WHAT YOU SHOULD DO
In your copy, drop the images and return each record exactly as it stands.
◆ ◆ ◆
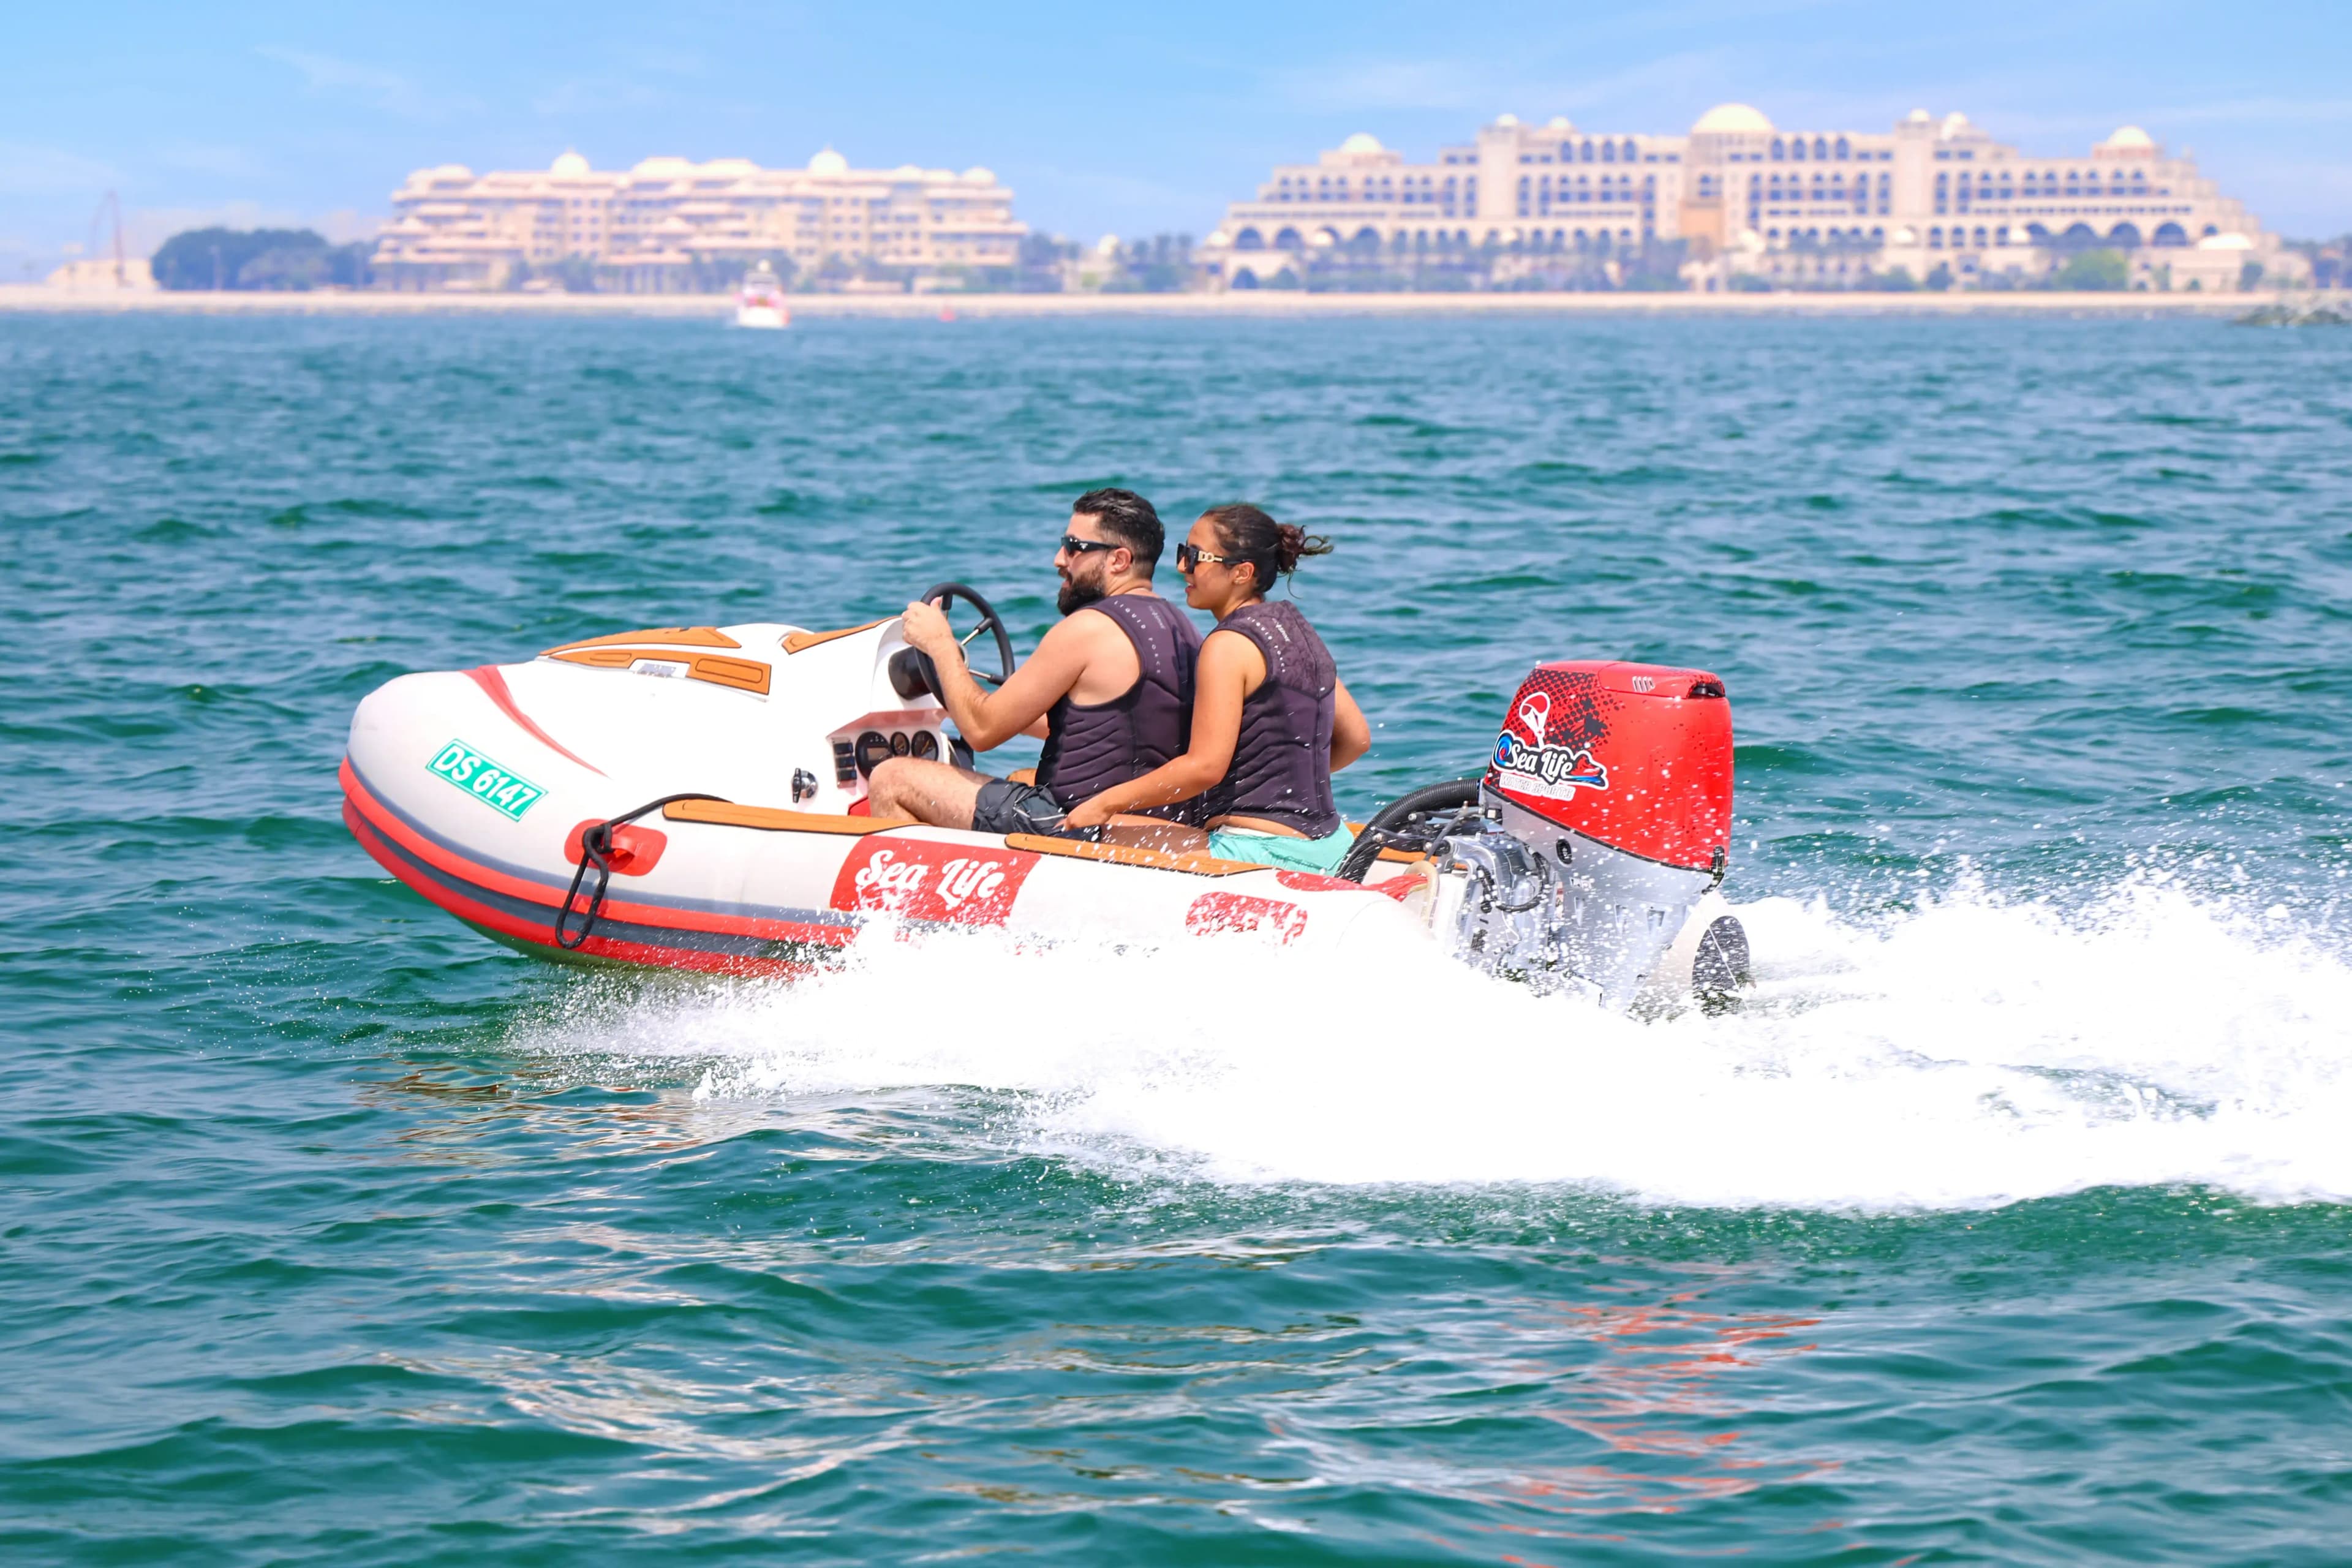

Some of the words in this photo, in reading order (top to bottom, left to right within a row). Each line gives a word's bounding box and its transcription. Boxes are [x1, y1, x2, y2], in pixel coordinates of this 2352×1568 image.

[432, 745, 482, 782] DS
[472, 769, 538, 812] 6147
[1504, 742, 1538, 772] Sea
[1540, 750, 1574, 783] Life
[854, 850, 929, 891] Sea
[935, 858, 1005, 908] Life
◆ ◆ ◆
ANSWER SECTION
Some of the words in this photo, in reading order (top to bottom, left to right within a row). Each line gives a word's bounding box and its transcription. Boxes are [x1, y1, x2, y2], in pixel coordinates of this 2352×1568 image.

[432, 745, 482, 782] DS
[472, 769, 538, 812] 6147
[1504, 742, 1538, 772] Sea
[1540, 750, 1574, 783] Life
[854, 850, 929, 891] Sea
[935, 858, 1005, 908] Life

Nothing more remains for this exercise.